- Task objective
For each record below, set it down exactly but leave out any picture.

- The data
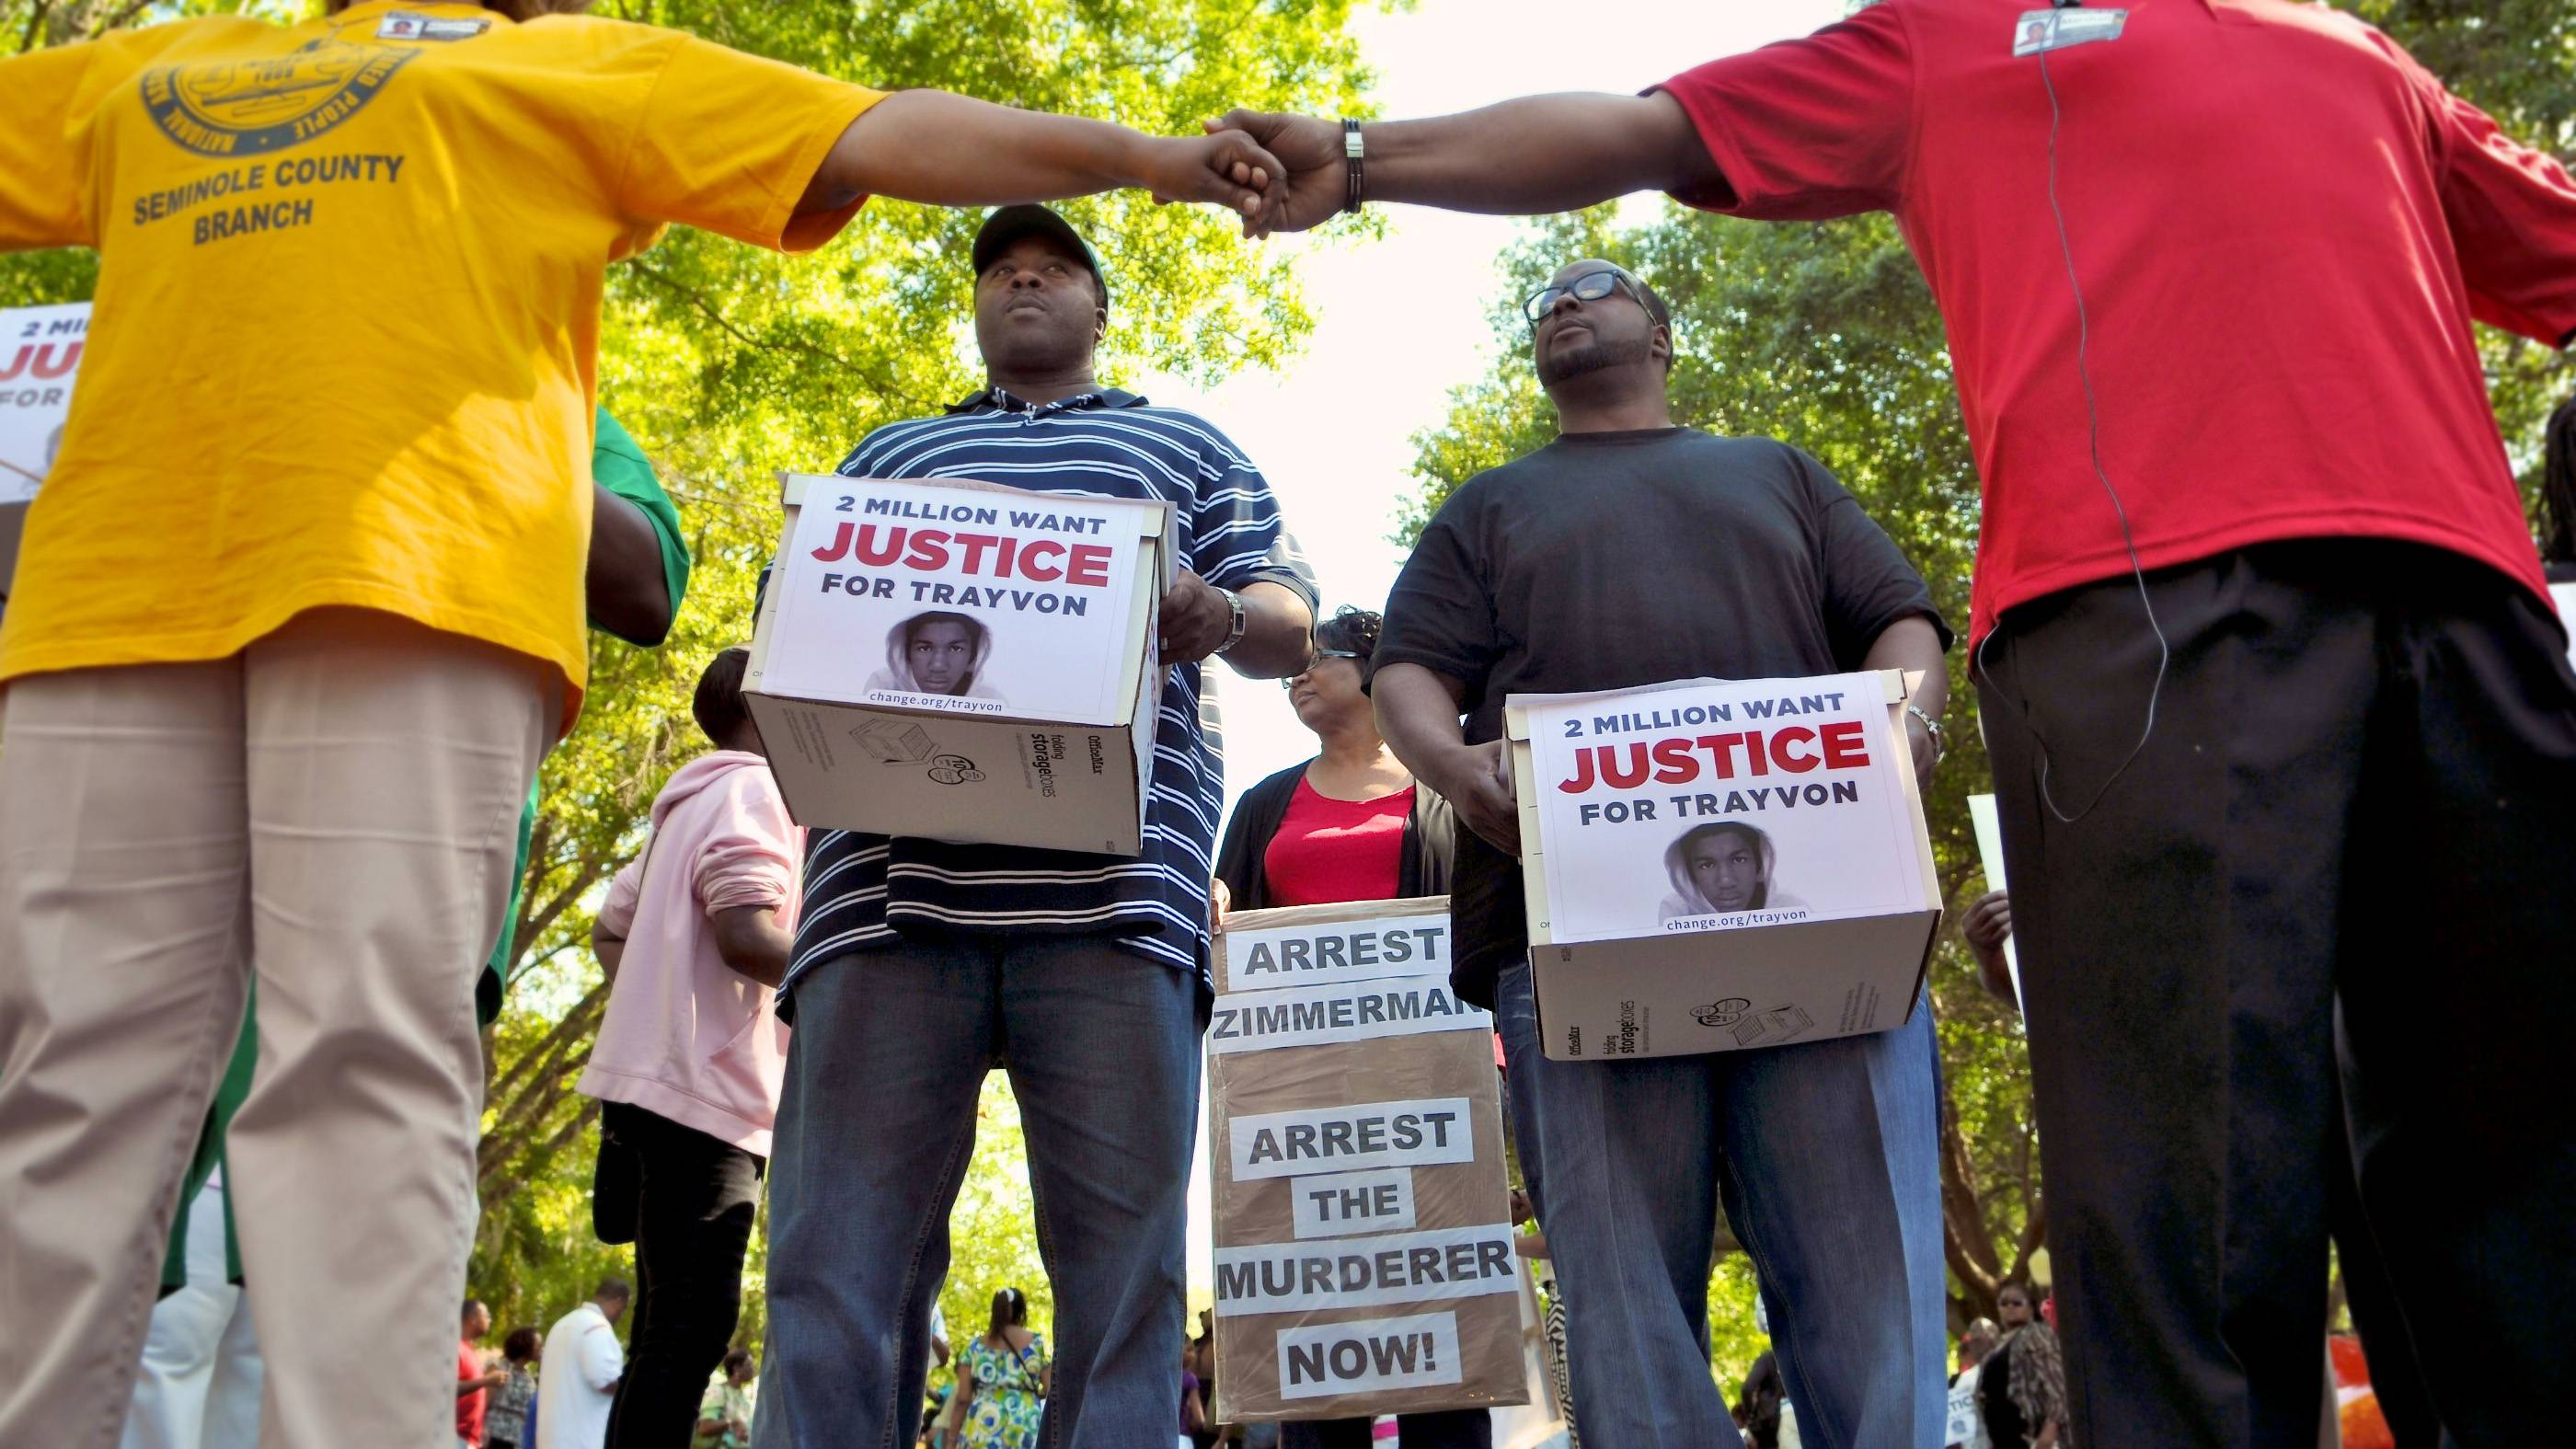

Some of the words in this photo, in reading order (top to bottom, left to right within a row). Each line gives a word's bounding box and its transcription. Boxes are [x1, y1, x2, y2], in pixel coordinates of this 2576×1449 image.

[294, 91, 360, 139] PEOPLE
[133, 165, 266, 226] SEMINOLE
[275, 155, 405, 188] COUNTY
[194, 199, 313, 246] BRANCH
[20, 321, 40, 338] 2
[836, 495, 854, 512] 2
[865, 498, 997, 525] MILLION
[1009, 511, 1106, 535] WANT
[811, 523, 1112, 588] JUSTICE
[821, 573, 896, 599] FOR
[910, 581, 1087, 616] TRAYVON
[869, 692, 1003, 713] change.org/trayvon
[1564, 719, 1583, 738] 2
[1593, 704, 1732, 735] MILLION
[1742, 693, 1845, 720] WANT
[1052, 734, 1064, 760] folding
[1088, 735, 1104, 775] OfficeMax
[1558, 720, 1870, 794] JUSTICE
[1580, 799, 1656, 826] FOR
[1670, 781, 1858, 818] TRAYVON
[1667, 908, 1807, 932] change.org/trayvon
[1244, 927, 1444, 975] ARREST
[1248, 1112, 1455, 1165] ARREST
[1309, 1184, 1400, 1222] THE
[1216, 1239, 1513, 1301] MURDERER
[1288, 1332, 1436, 1386] NOW!
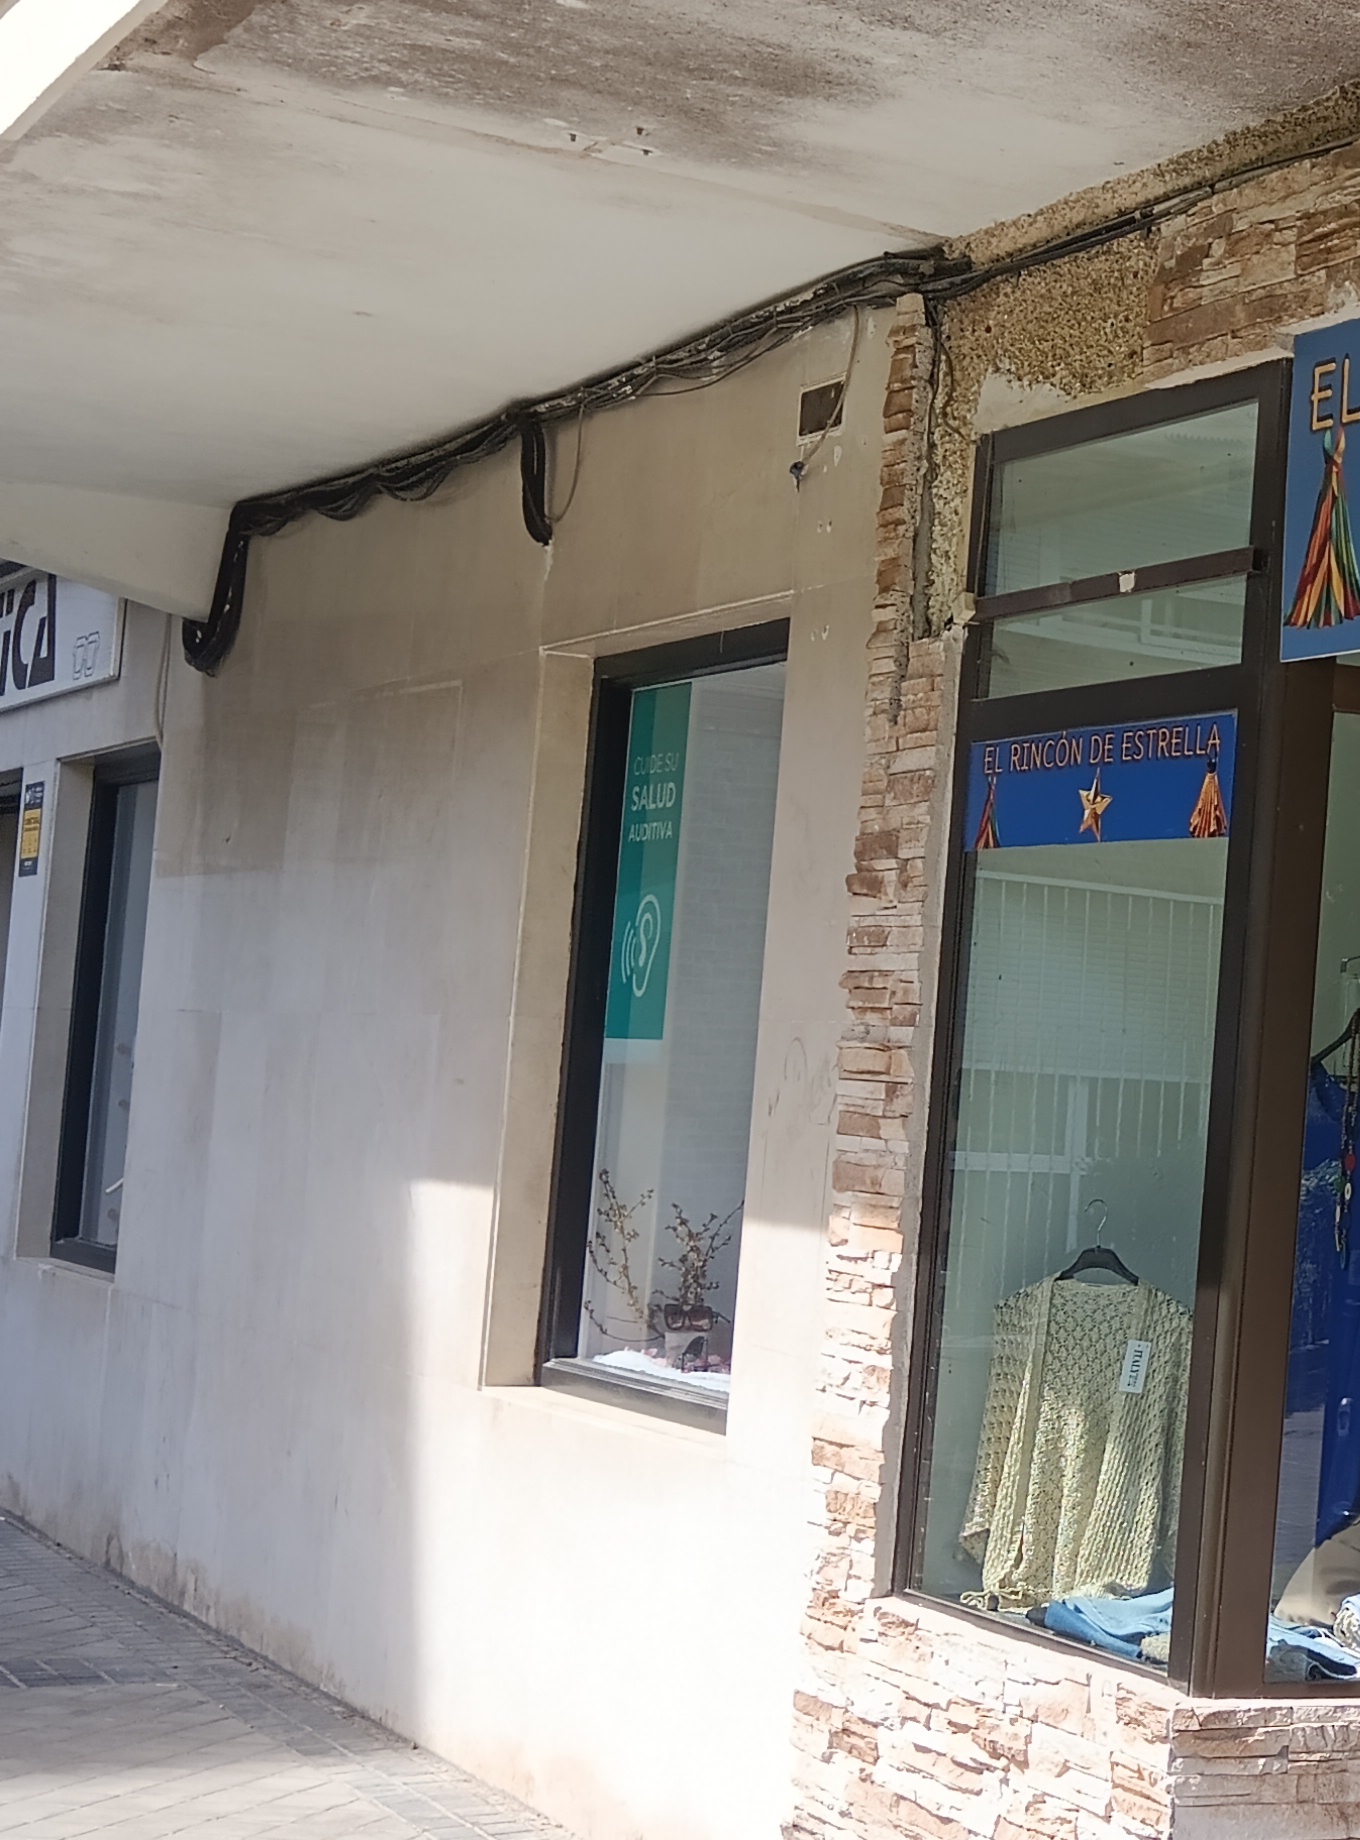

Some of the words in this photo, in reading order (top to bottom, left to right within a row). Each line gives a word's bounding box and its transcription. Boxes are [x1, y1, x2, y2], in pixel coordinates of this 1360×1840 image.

- Solution for this task
Some of the words in this photo, in reading order (top to bottom, left to right within a row). Each line gives a word's bounding box and its transcription. Boxes are [x1, y1, x2, y2], in pixel coordinates of this 2576×1449 image.

[294, 91, 360, 139] PEOPLE
[133, 165, 266, 226] SEMINOLE
[275, 155, 405, 188] COUNTY
[194, 199, 313, 246] BRANCH
[20, 321, 40, 338] 2
[836, 495, 854, 512] 2
[865, 498, 997, 525] MILLION
[1009, 511, 1106, 535] WANT
[811, 523, 1112, 588] JUSTICE
[821, 573, 896, 599] FOR
[910, 581, 1087, 616] TRAYVON
[869, 692, 1003, 713] change.org/trayvon
[1564, 719, 1583, 738] 2
[1593, 704, 1732, 735] MILLION
[1742, 693, 1845, 720] WANT
[1052, 734, 1064, 760] folding
[1088, 735, 1104, 775] OfficeMax
[1558, 720, 1870, 794] JUSTICE
[1580, 799, 1656, 826] FOR
[1670, 781, 1858, 818] TRAYVON
[1667, 908, 1807, 932] change.org/trayvon
[1244, 927, 1444, 975] ARREST
[1248, 1112, 1455, 1165] ARREST
[1309, 1184, 1400, 1222] THE
[1216, 1239, 1513, 1301] MURDERER
[1288, 1332, 1436, 1386] NOW!

Some of the words in this photo, in reading order (top to bottom, left to right within a row). Each line gives a word's bounding box and its transcription. Boxes are [x1, y1, x2, y2], in pixel coordinates of this 1360×1840 image.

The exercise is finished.